While 24% expected to attend more business events than they did pre-COVID, 6% weren’t so sure. While 13% said this uncertainty was due to lingering business travel restrictions still in place at their company, the most frequently cited reason for not planning to go to meetings in the near future was that meetings and conferences just aren’t happening, at 16%.

While being able to attend meetings and events digitally became standard over the course of the pandemic, meeting professionals don’t need to worry that they have come to prefer meeting screen-to-screen than face-to-face —just 12% said their uncertainty about attending business events in the next six months was due to videoconferencing. As concerns over COVID and pandemic-related restrictions both begin to ease, business travelers are no longer as worried about health and safety concerns keeping them from hitting the road; just 10% said health and safety concerns were what made them hesitant to travel for work over the next six months.
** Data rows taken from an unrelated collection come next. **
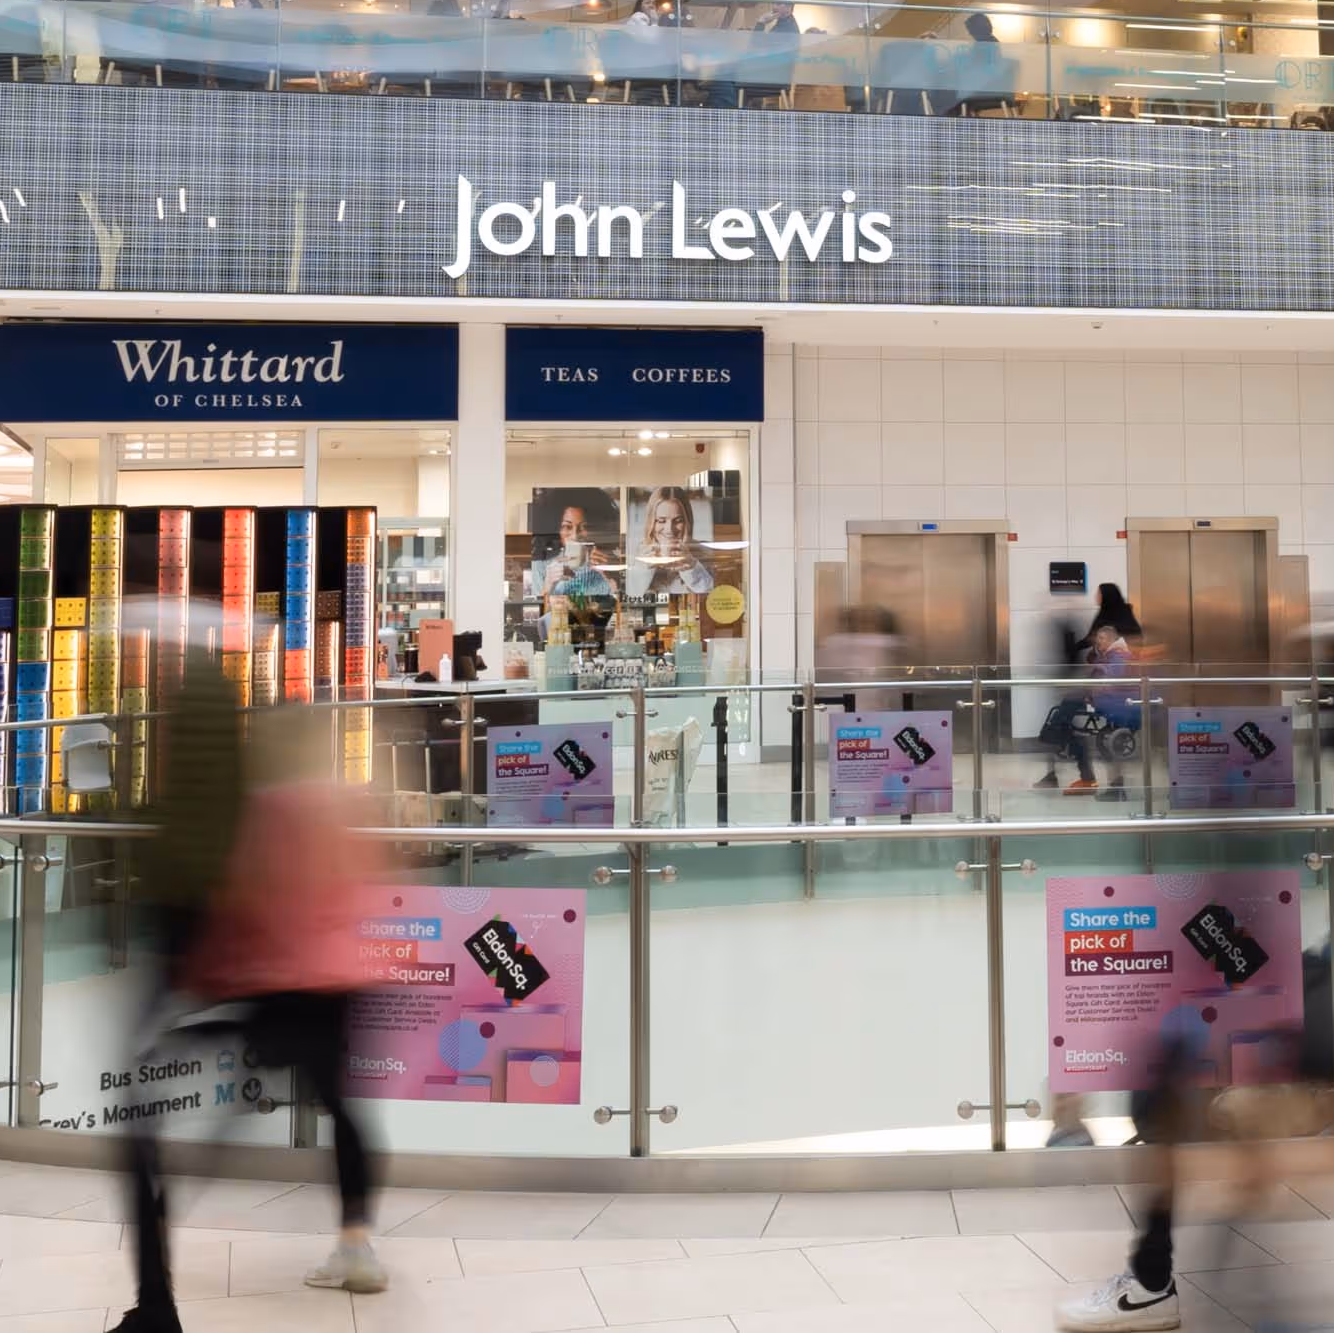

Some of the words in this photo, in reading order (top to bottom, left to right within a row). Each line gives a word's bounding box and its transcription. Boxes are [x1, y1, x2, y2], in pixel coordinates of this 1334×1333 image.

[441, 173, 643, 279] John
[671, 179, 893, 263] Lewis
[111, 339, 345, 383] Whittard
[541, 367, 599, 382] TEAS
[631, 368, 732, 384] COFFEES
[154, 394, 183, 408] OF
[195, 394, 303, 408] CHELSEA
[839, 740, 857, 749] pick
[858, 739, 868, 748] of
[498, 756, 516, 766] pick
[517, 755, 527, 764] of
[839, 750, 854, 760] the
[855, 750, 888, 760] Square!
[498, 768, 512, 777] the
[514, 766, 547, 777] Square!
[1069, 911, 1119, 928] Share
[1123, 911, 1151, 926] the
[360, 921, 407, 938] Share
[410, 920, 436, 937] the
[359, 943, 391, 961] pick
[395, 943, 413, 959] of
[1070, 934, 1105, 953] pick
[1109, 933, 1128, 949] of
[1198, 913, 1249, 974] EldonSq.
[481, 927, 529, 991] EldonSq.
[1070, 957, 1099, 973] the
[1103, 954, 1168, 974] Square!
[388, 965, 450, 985] Square!
[1078, 1007, 1110, 1015] Customer
[349, 1055, 407, 1074] EldonSq.
[1065, 1048, 1128, 1064] EldonSq.
[100, 1071, 132, 1091] Bus
[138, 1058, 202, 1084] Station
[104, 1091, 202, 1125] Monument
“While the data indicates a strong desire from American business travelers to hit the road again, there is a big difference between willingness to travel and actually taking a trip,” said Dow. “Corporate leaders should seize the competitive advantage, budget for business travel, and encourage their teams to get back on the road and reestablish those personal connections that only come with face-to-face interactions.”

“In-person conferences have relational and financial impacts to corporations that are significant,” said Andrea Stokes, Practice Lead for Hospitality at J.D. Power. “Nearly half of survey respondents indicated that conferences, conventions and trade shows are critical to developing relationships with customers, suppliers or others. Nearly one in four respondents indicated these events are critical to closing sales.” Also at the top of the list business travelers said they plan to attend conferences, conventions and trade shows was building awareness of the organization’s products or services, professional development, employee motivation, and understanding current trends.

Travel to meetings and events is even more important for work-from-home employees, the survey found. Among the reasons employers are encouraging travel for their partially or fully remote workers include engaging with coworkers and team members in person; attending training sessions, attending company/department/team celebrations; and meeting with managers or supervisors in person.